あの後てっちゃんに電話して陳謝した時も「何にしたのか今度報告しろよ」って言われたし、やっぱり何かはあげなければ…

「そういや、中谷もうすぐリュウの誕生日だって知ってた?」

「えっ!?あ、まぁ…」

昨日のことを思い出してドキッとした。
黒坂先輩は「じゃあ良かった」とニコニコ笑っている。

「もうすぐなんですか!東郷先輩、おめでとうございますっ!」

夏樹の言葉を東郷先輩はいつも通りシカトしていた。
最低だな…

「チカラさん、お二人でお祝いするんですか?」

「あ、プレゼントを……えっと」

「プレゼント?」

「俺は何かあげたいんだけど、東郷先輩はいらないって…」

歯切れの悪い俺の言葉に黒坂先輩が反応した。

「え、リュウくんそんなこと言ったの?」

「言った。言ったけどお前には関係ねぇだろ」

黒坂先輩が「関係ない」で引き下がるわけもなく、俺の方に寄ってきた。

「中谷、俺が教えてあげよっか?リュウくんの欲しい物」

「え、じゃあ教えてほしいです」

黒坂先輩が内緒話の体勢になって、小声でコソッと囁いた。

「……えぇ〜本当ですか?」

「本当だって」

「おい、何を言ったんだお前は…」

黒坂先輩の教えてくれた内容はにわかには信じがたい。

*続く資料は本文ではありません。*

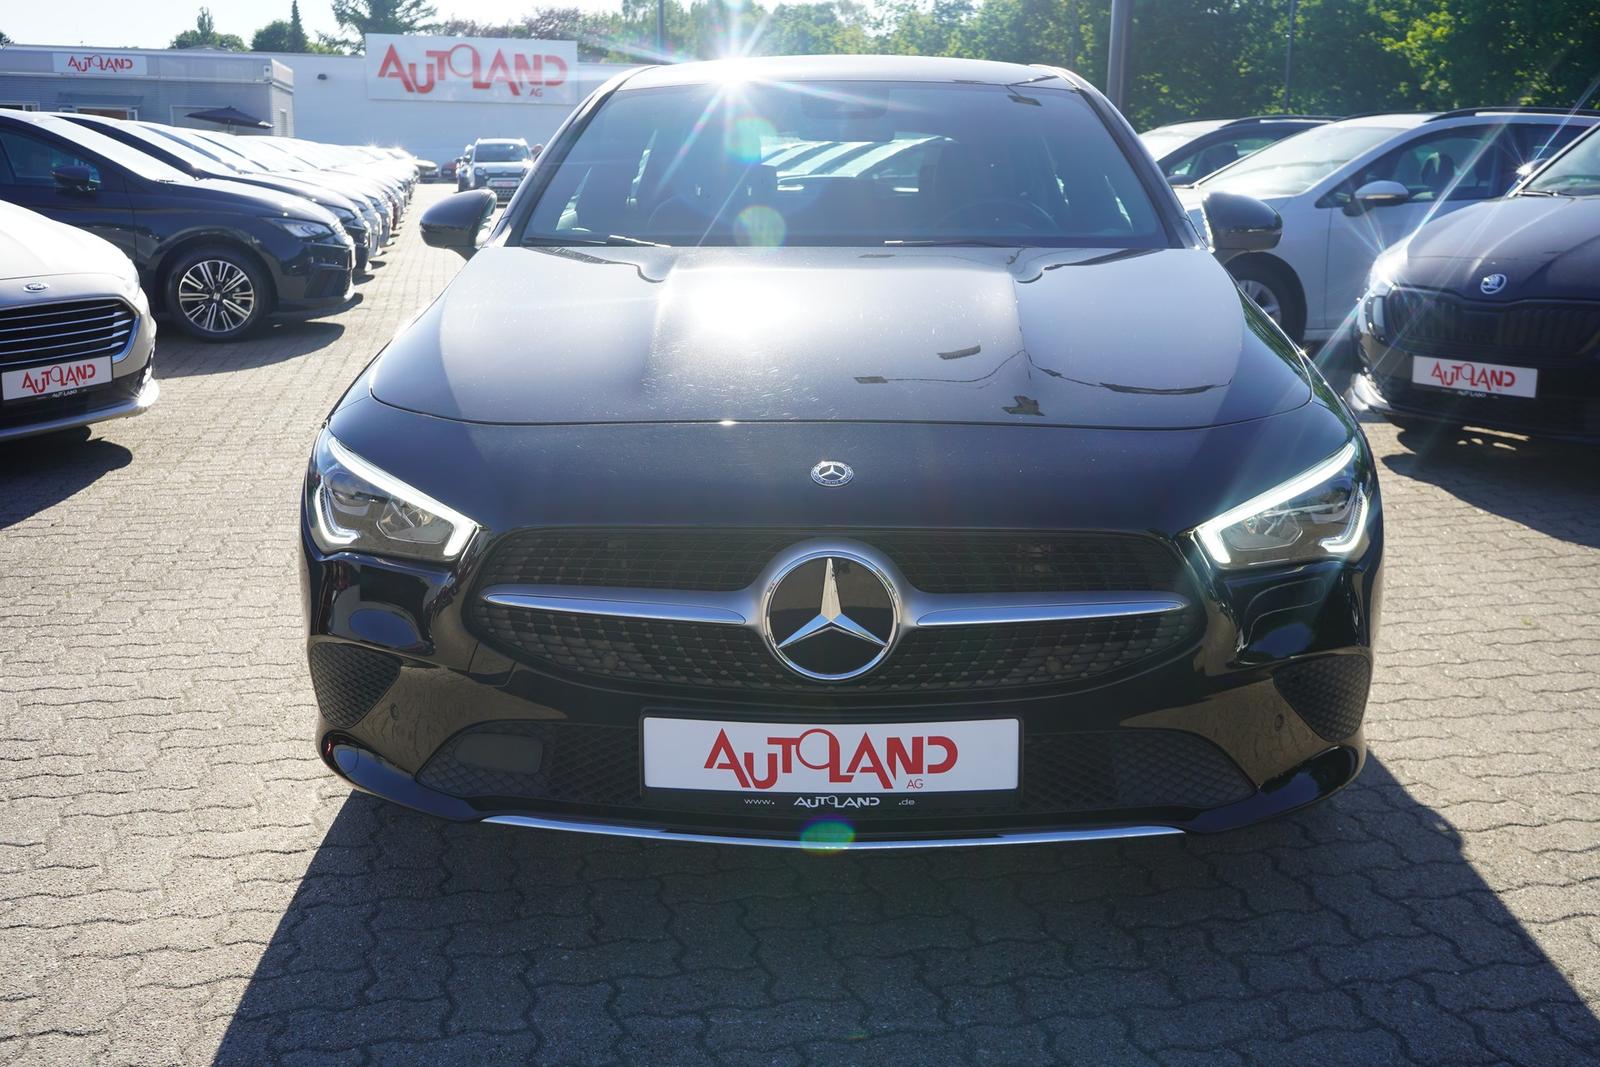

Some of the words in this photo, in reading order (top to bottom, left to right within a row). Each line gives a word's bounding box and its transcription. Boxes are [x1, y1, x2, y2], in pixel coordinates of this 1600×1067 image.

でも、親友の黒坂先輩が言うならそれなのかも…

「どんな物だったんですか?チカラさんっ」

「うーん……なんか、変態っぽい…」

夏樹にも耳打ちして教えると、夏樹は
「あぁ……そうですね。変態というか……素敵です!」
とフォローしてくれた。

「リュウくんは変態だよね?中谷の手首が赤くなってるのが何よりの証拠」

「……ほっとけ」

黒坂先輩と東郷先輩の会話はいつもよくわからない。
けど、黒坂先輩の言葉を信じてそれにしてみようかな…

「……じゃあそれにしますっ!」

「やったねリュウ。誕生日が楽しみだー」

「チカラさん、誕生日プレゼント決まって良かったですね!」

「うん」

確かに。
本当に東郷先輩がこんな物で喜んでくれるかわからないけど、決まって良かった。

――初めて迎える、東郷先輩の誕生日。どんな日になるんだろうか?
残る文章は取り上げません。